A long history of confusion exists when classifying mulgaras, and the three recently described species cannot be genetically analyzed, making the confirmation of taxonomy difficult. Recent genetic analysis of most available and well-preserved tissue samples from around Australia suggests that only two species of mulgara are extant, and that these species conform well to the currently named D. blythi and D. hillieri. The question remains as to why some widely co-occurring and similarly-sized Dasycercus species would have gone extinct, since European colonisation, but others (i.e. the brush-tailed mulgara) have remained relatively common.

== Distribution ==
Mulgara are distributed through the arid regions of Australia, with the crest-tailed mulgara currently being restricted to the central eastern deserts (Simpson-Strzelecki Dunefield bioregion) of the continent, and the brush-tailed mulgara being more widespread from Queensland to near-coastal Western Australia.

== Biology ==
Mulgaras are nocturnal, but occasionally "sunbathe" in the entrance of the burrow in which they dwell. Their kidneys are highly developed to excrete extremely concentrated urine to preserve water, as the animals rarely drink.

Mulgara feed mostly on insects, but also eat reptiles and small mammals. Mulgara are seasonal breeders and breed from June to September. The pouch comprises two lateral folds of skin.
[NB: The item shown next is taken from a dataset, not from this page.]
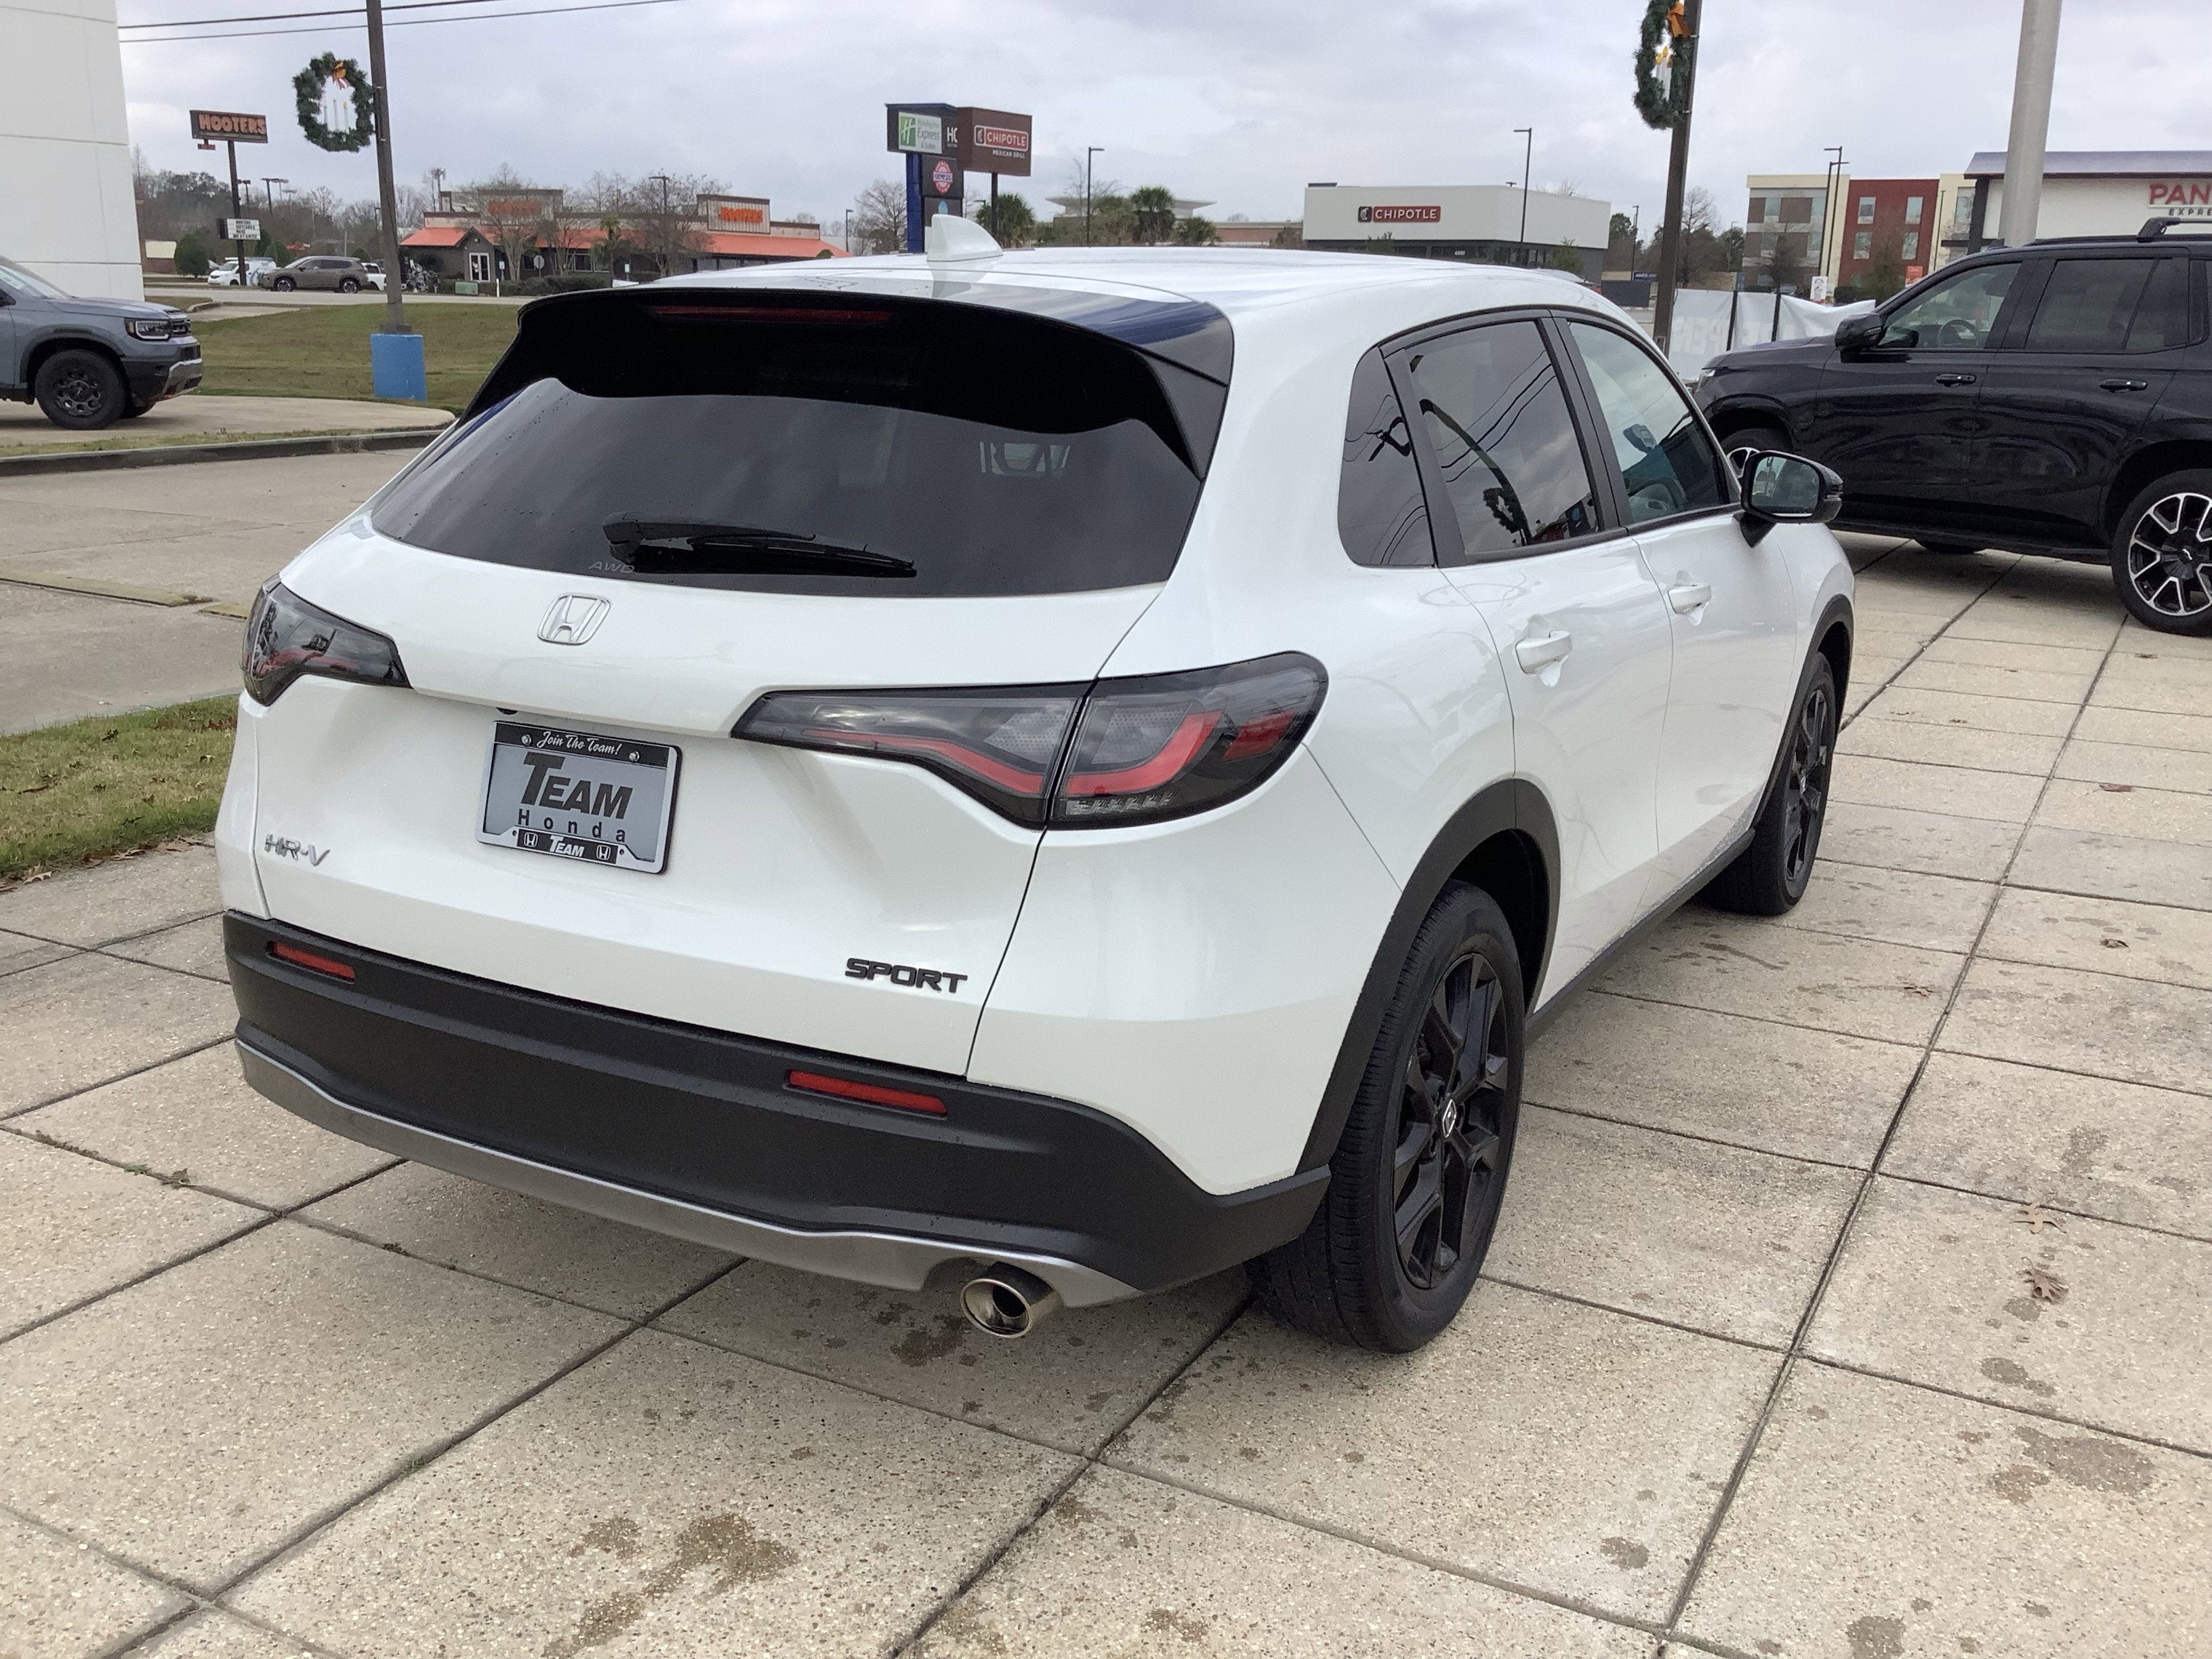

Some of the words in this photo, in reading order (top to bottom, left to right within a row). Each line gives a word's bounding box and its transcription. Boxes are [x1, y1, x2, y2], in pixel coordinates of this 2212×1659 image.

All species of mulgaras undergo torpor daily. Studies have shown they use torpor in the wild and in the lab setting. In contrast to most other mammals, mulgaras increase their use of torpor during pregnancy. By conserving energy with torpor, pregnant females can increase their body mass, but it seems they use it to increase fat storage, for lactation later. Pregnant females and breeding males both use torpor during the winter. Free-ranging males, however, only display torpor briefly during the reproductive season, and instead increase their use of torpor after the breeding season is over.

== Conservation status ==
The crest-tailed mulgara is listed as vulnerable. It appears that the geographic range of this species has contracted since European colonisation, although the south-eastern edge of the species distribution appears to currently be in a phase of expansion. This may be related to the boom-bust dynamics of the Australian deserts, or a response to some other driver of population growth.

Demographic inference from genomic data on the brush-tailed mulgara suggests highly stable population sizes for all populations of that species, over much of the past 1000 years. While there is some evidence of very recent (last 50 to 100 years) population size declines in some populations, particularly in the eastern population, the overall trajectory for much of the last 350 years in all populations appears to have been stable.